Richard Déziré

Personal information
- Date of birth: 24 September 1972 (age 53)
- Place of birth: Mont-Saint-Aignan, France
- Height: 1.74 m (5 ft 9 in)
- Position: Midfielder

Senior career*
- Years: Team / Apps / (Gls)
- 1992–1995: Rouen
- 1995–1996: Tours
- 1996–1997: Pacy Vallée-d'Eure
- 1997–1998: Raon-l'Étape
- 1998–2001: Saint-Dié

Managerial career
- 2002–2005: Raon-l'Étape
- 2005–2006: US Quevilly
- 2007–2012: Raon-l'Étape
- 2012–2015: Avranches
- 2015–2020: Le Mans
- 2020–2021: Créteil
- 2021–2022: Cholet

= Richard Déziré =

French football manager (born 1972)

Richard Déziré (born 24 September 1972) is a French football manager and former player who played as a midfielder.

==Early career==
Born in Mont-Saint-Aignan, Seine-Maritime, Déziré played for Rouen, the major club in his local area, for whom he made eight appearances in Division 2, and went on to represent Tours, Pacy Vallée-d'Eure, Raon-l'Étape and Saint-Dié before retiring as a player in 2001.

==Managerial career==
Déziré began his managerial career the following year, with his old club, Raon-l'Étape. In his first season, he led them to promotion from the Championnat de France Amateur (CFA) to the third-tier Championnat National, and kept them up for the next two seasons, albeit leaving it to the last match of the season in each case. After a season with US Quevilly, in which Déziré kept the team in the CFA, he quit.

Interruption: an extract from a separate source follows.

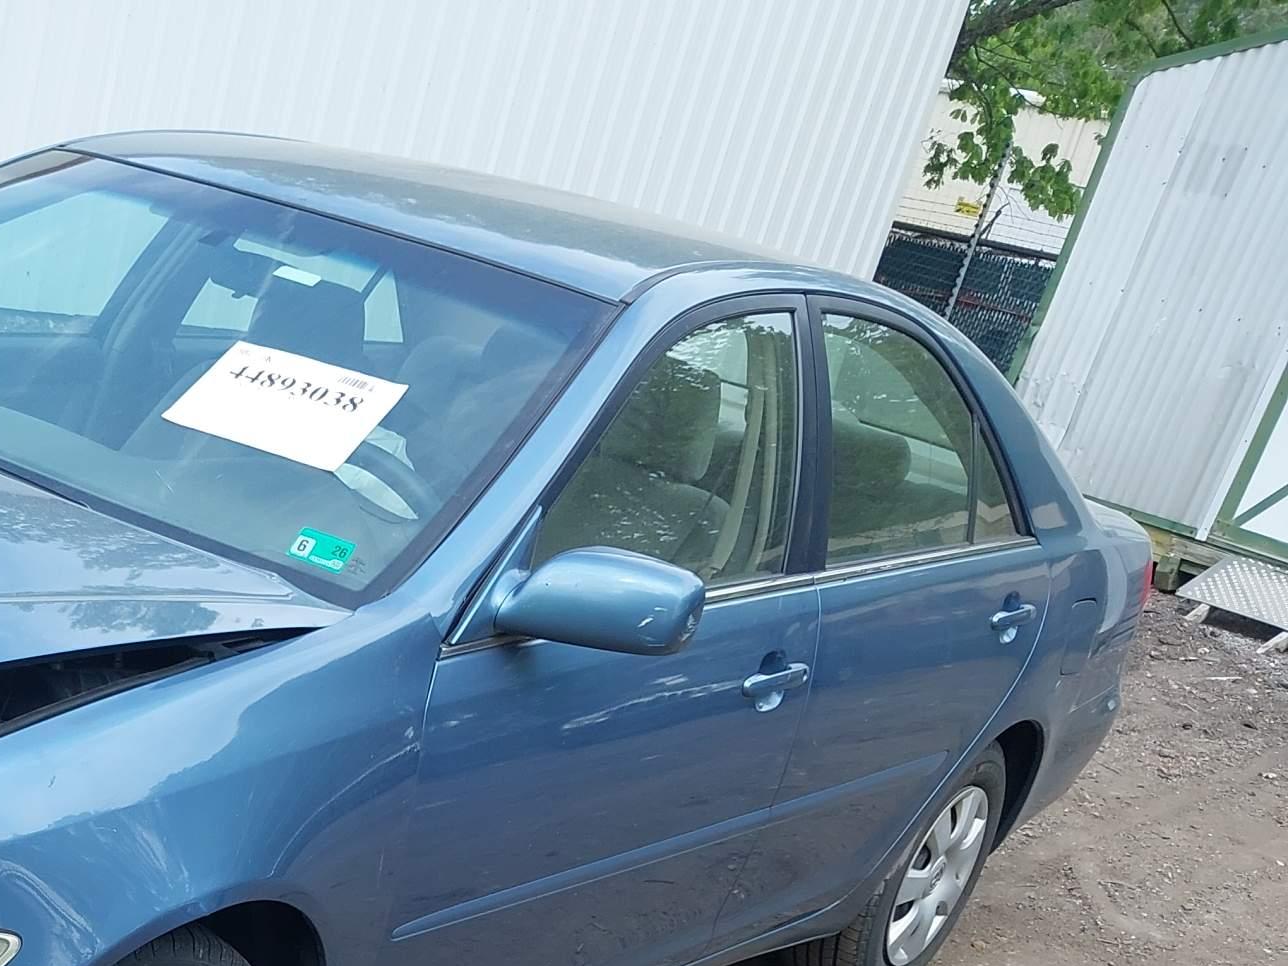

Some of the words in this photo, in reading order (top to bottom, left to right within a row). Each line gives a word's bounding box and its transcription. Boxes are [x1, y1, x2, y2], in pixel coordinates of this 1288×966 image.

Déziré returned to Raon during the 2006–07 season, but was unable to prevent their relegation back to the CFA. He stayed for a further five years, and led the team to two appearances in the last 32 of the Coupe de France. He left at the end of the 2011–12 season, and joined CFA team US Avranches. In his second season, Déziré led Avranches to promotion to the Championnat National, and kept them up in the 2014–15 season, as well as taking the team to the last 32 of the Coupe de France. Nevertheless, Déziré's contract was not renewed; the club's president Gilbert Guérin had no complaints about his footballing or financial performance but found him too difficult to work with.

In June 2015, Déziré signed a two-year contract as manager of CFA2 club Le Mans. After four-and-a-half years, during which he led the team through three consecutive promotions, from the fifth tier back to Ligue 2, Déziré was dismissed on 23 February 2020 with the team second bottom of the table.

In December 2020, Déziré was appointed manager of Créteil until the end of the 2020–21 season. On 24 February 2021, exactly two months after his appointment, Déziré was sacked following a just one league victory, and seeing his side knocked out of the Coupe de France.

In May 2021, he was announced as manager of SO Cholet.